The miniseries depicts Wanda Maximoff and Vision, a couple of two super-powered beings living in disguise, trying to live like normal people in a North American suburb called Westview that, after inexplicably confusing events, they begin to suspect that everything is not as it seems. The idea of ​​the series is original when it mixes two classic elements such as comic book heroes’ journeys and popular television languages ​​like the sitcoms genre – an exclusive mix in an audiovisual production as far as I can remember.

The way the narrative unfolds during the first 3 episodes is not as good as the idea and theme, but it captivated my attention while I was trying to understand the logic within the universe of the series. The series is a beautiful tribute to the history of television and popular sitcoms from the 50s, 60s and 70s. We can see a lot of sitcoms references during the TV show such as “The Dick Van Dyke Show”, “Bewitched”, “A Dream of Jeannie”, “I love Lucy”, “The Partridge Family” and “The Brady Bunch” through the dramaturgical construction of the script and the characters, the cinematographic language adopted by the direction and, the reconstruction of the times by the art direction. Although, I think that tribute to the history of American television sometimes gets boring, dated, through long dialogues, silly situations and not funny gags during the first 3 episodes.

The series includes its own vintage-style commercials, which include intriguing references to elements of the MCU personally significant to Wanda, including Stark Industries (whom she blamed for the death of her parents), and Baron Von Strucker (the scientist whose experiments gave her powers).

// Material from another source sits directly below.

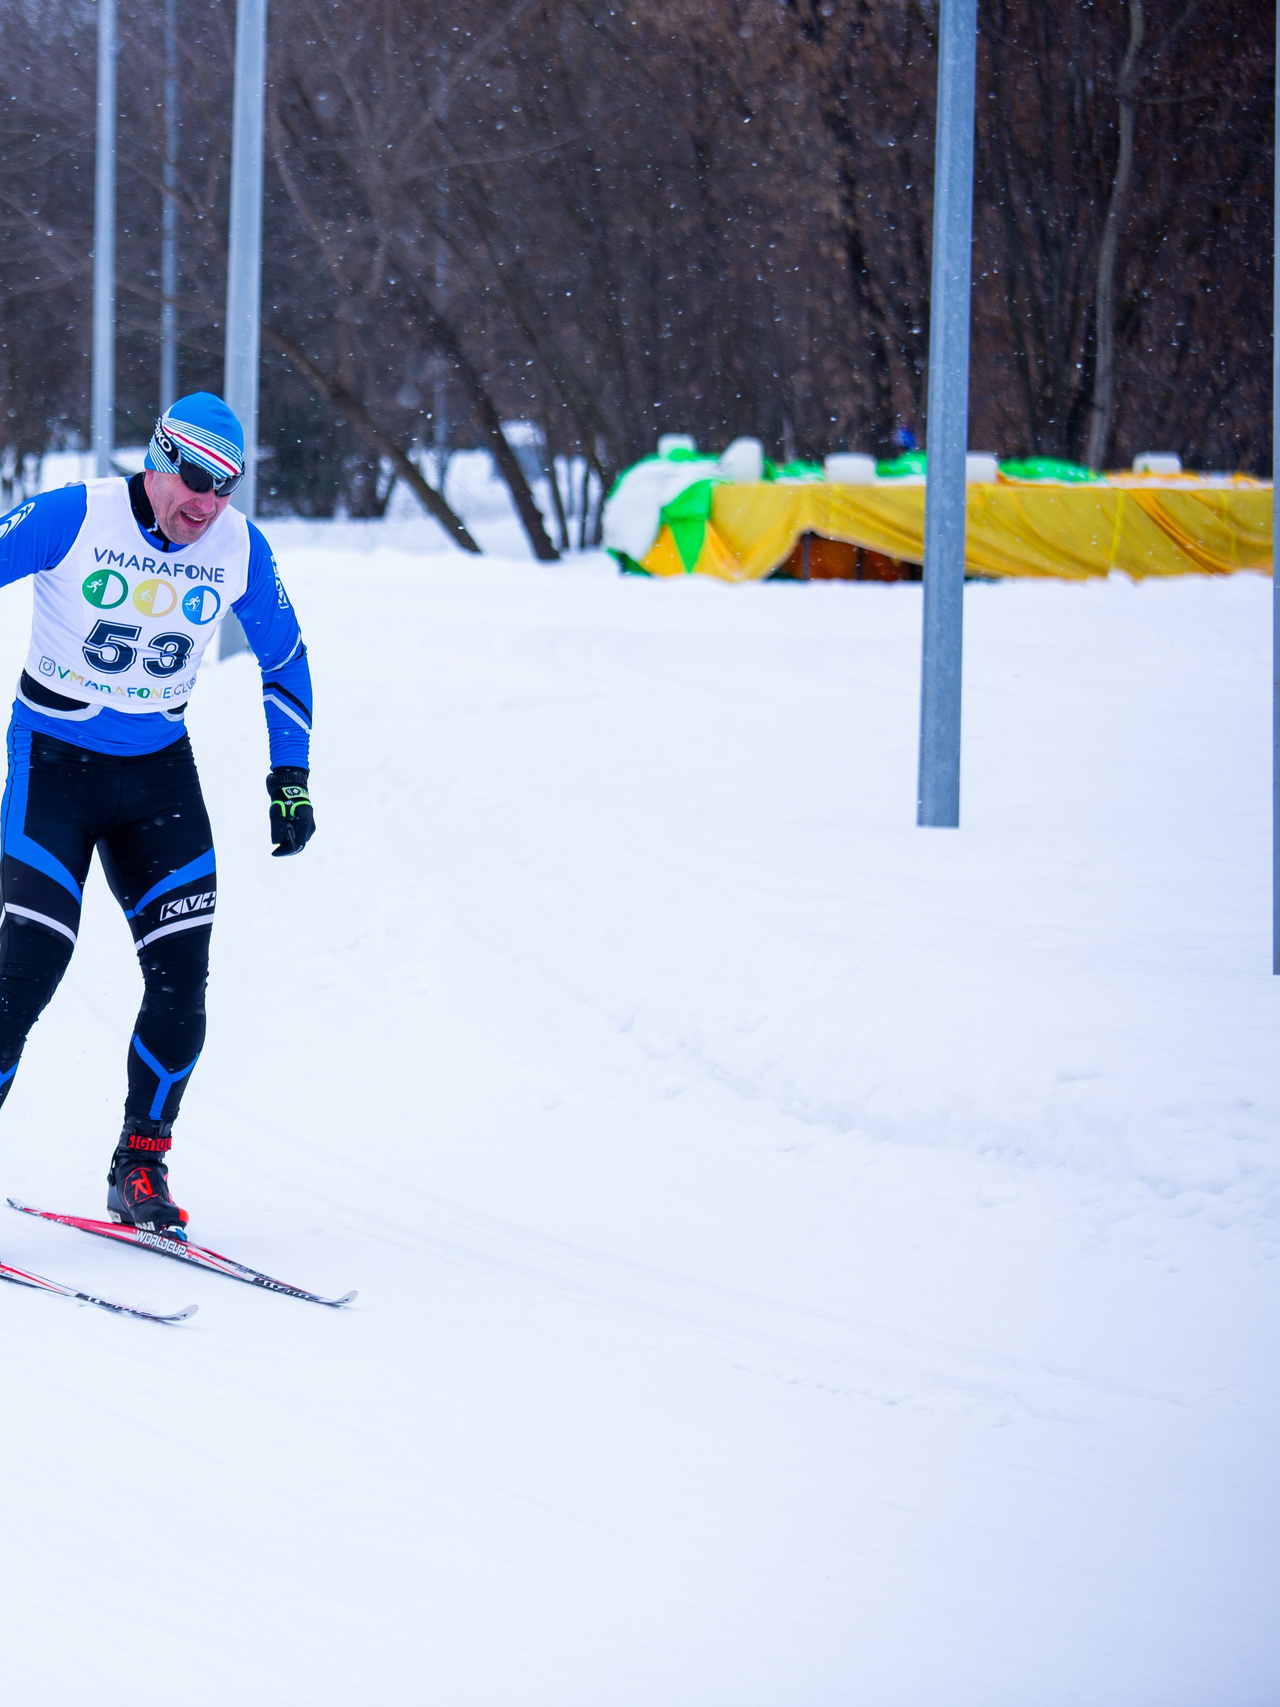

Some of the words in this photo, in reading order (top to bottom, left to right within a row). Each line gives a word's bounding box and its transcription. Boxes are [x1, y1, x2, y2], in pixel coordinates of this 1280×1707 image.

[93, 547, 225, 584] VMARAFONE
[82, 618, 195, 678] 53
[160, 891, 216, 921] KV+
[135, 1229, 187, 1256] WORLDCUP
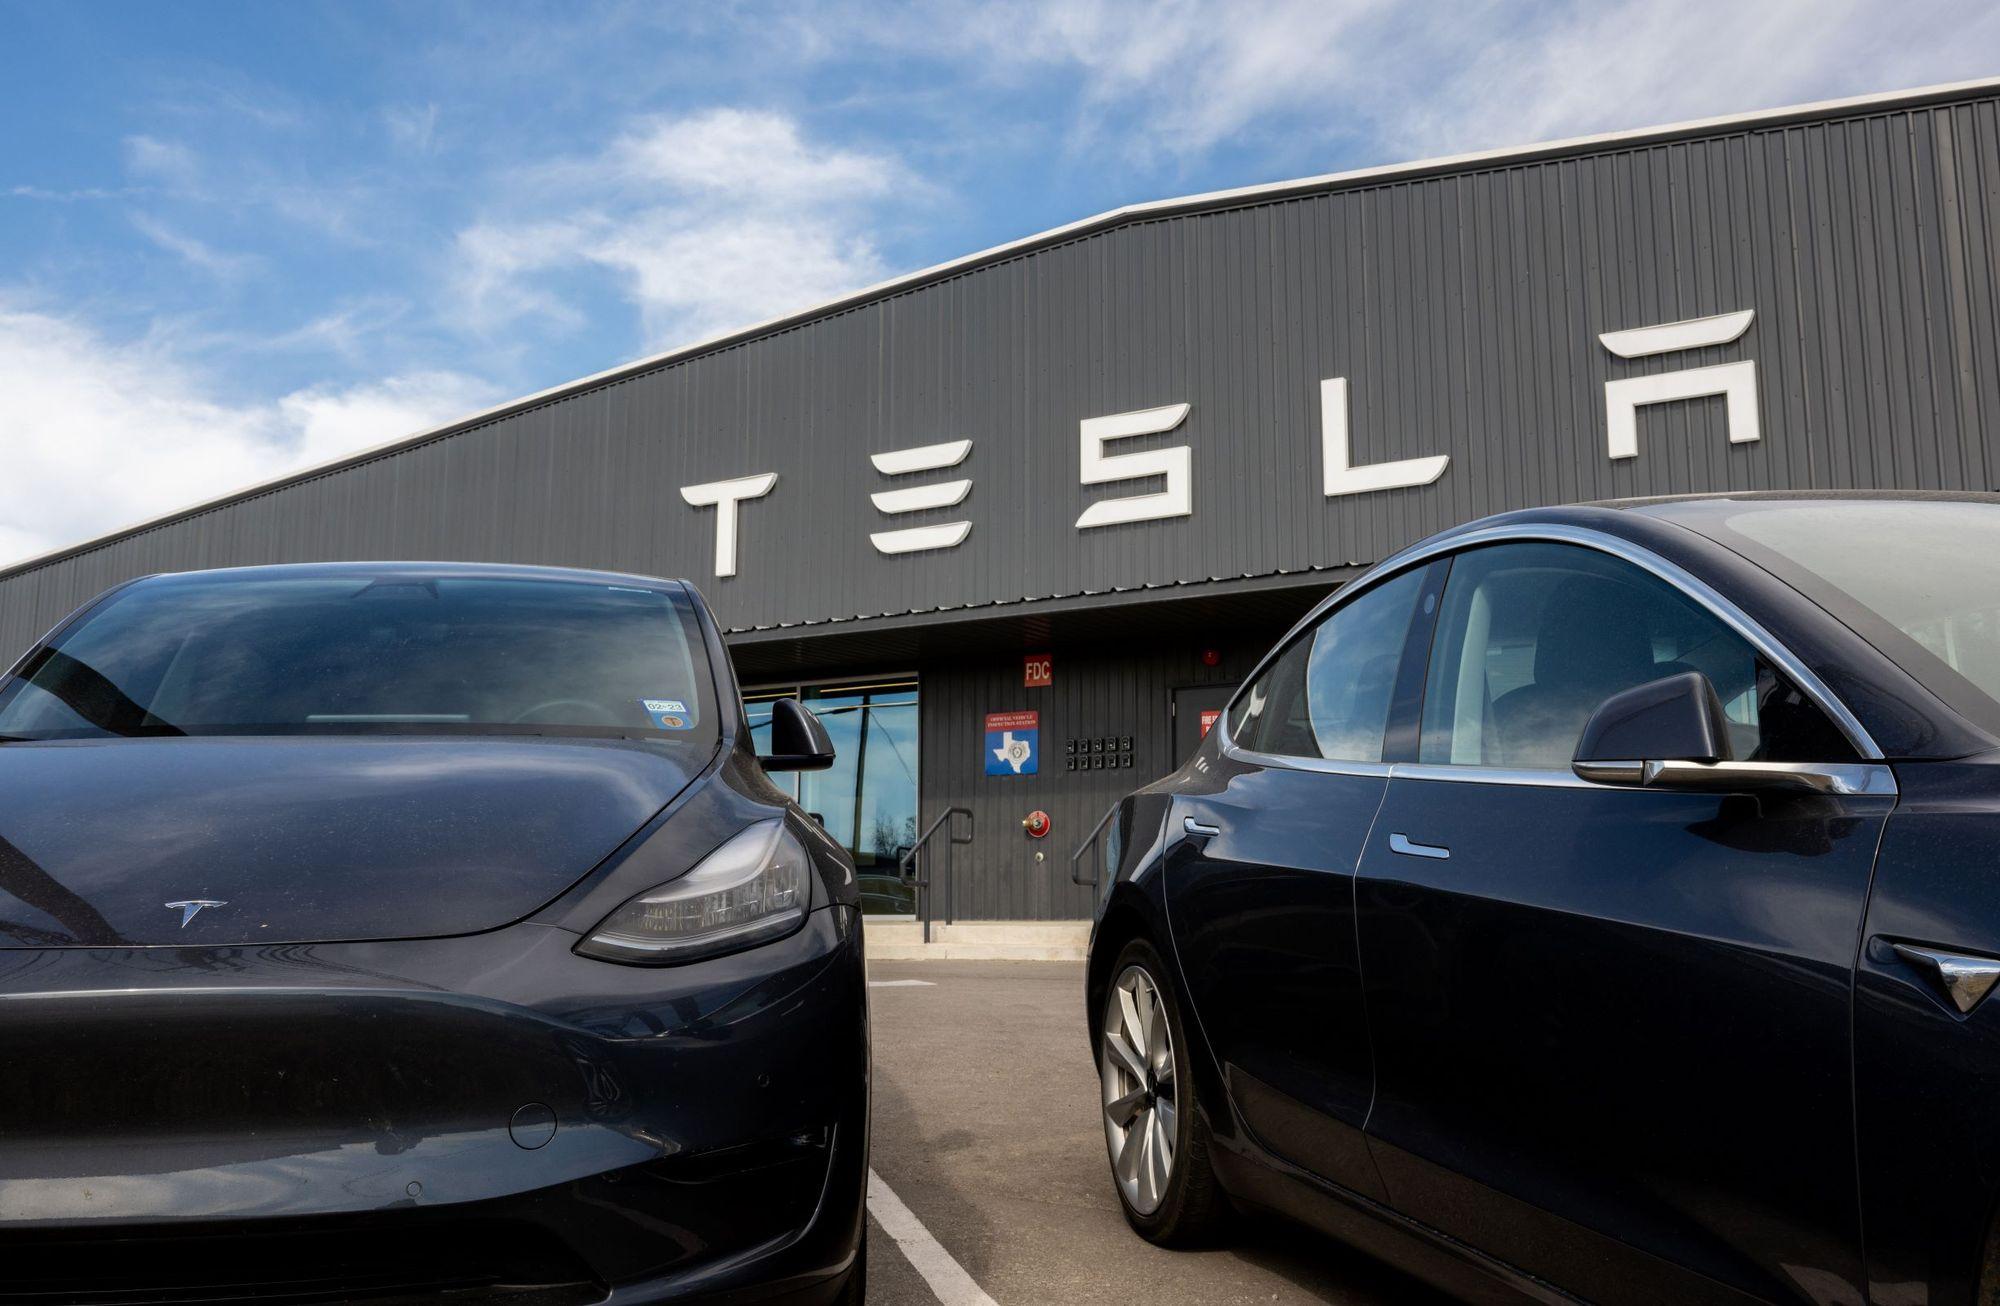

Only at the end of the third episode with the storyline that involves Wanda and her mysterious neighbour Geraldine – who knows more than she should know about the secrets of the super-empowered being couple – that the series has a great hook that will lead to the “key of the mystery of the series”. At this moment everything starts to make sense into the series universe.

In the fourth episode, I finally saw the conflict being established: Wanda, Vision and their neighbours live within a parallel reality in comparison to the real world, but why this happens and its consequences are topics for the next episodes, which I am looking forward to watching them. After all, in this series, everything is not as it seems.